**Data to process**:
• • • •
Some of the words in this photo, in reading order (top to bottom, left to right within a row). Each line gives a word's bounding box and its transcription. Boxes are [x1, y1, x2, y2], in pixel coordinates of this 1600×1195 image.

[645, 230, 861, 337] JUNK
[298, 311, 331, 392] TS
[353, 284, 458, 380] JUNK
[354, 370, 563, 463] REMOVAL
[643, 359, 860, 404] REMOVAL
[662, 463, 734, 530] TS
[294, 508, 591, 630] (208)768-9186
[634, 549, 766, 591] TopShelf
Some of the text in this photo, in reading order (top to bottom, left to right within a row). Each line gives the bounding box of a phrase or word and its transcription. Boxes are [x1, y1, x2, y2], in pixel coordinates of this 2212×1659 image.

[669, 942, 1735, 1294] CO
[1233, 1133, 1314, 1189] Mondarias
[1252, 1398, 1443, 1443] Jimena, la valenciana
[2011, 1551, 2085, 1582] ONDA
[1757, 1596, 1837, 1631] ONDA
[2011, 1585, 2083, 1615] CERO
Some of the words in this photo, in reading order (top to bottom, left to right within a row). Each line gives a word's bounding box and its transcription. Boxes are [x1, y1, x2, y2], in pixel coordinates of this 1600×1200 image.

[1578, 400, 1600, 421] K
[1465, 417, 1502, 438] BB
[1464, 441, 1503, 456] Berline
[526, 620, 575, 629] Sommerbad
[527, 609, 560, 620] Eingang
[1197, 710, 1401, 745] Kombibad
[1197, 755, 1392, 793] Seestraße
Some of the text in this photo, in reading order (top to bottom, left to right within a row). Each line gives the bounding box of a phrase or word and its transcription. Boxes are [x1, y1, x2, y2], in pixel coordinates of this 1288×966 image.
• • • •
Each line from the one containing "this 1600×1200 image." to the end of the entries above should be copied exactly, and no other line.

**Solution to this exercise**:
Some of the words in this photo, in reading order (top to bottom, left to right within a row). Each line gives a word's bounding box and its transcription. Boxes are [x1, y1, x2, y2], in pixel coordinates of this 1600×1200 image.

[1578, 400, 1600, 421] K
[1465, 417, 1502, 438] BB
[1464, 441, 1503, 456] Berline
[526, 620, 575, 629] Sommerbad
[527, 609, 560, 620] Eingang
[1197, 710, 1401, 745] Kombibad
[1197, 755, 1392, 793] Seestraße
Some of the text in this photo, in reading order (top to bottom, left to right within a row). Each line gives the bounding box of a phrase or word and its transcription. Boxes are [x1, y1, x2, y2], in pixel coordinates of this 1288×966 image.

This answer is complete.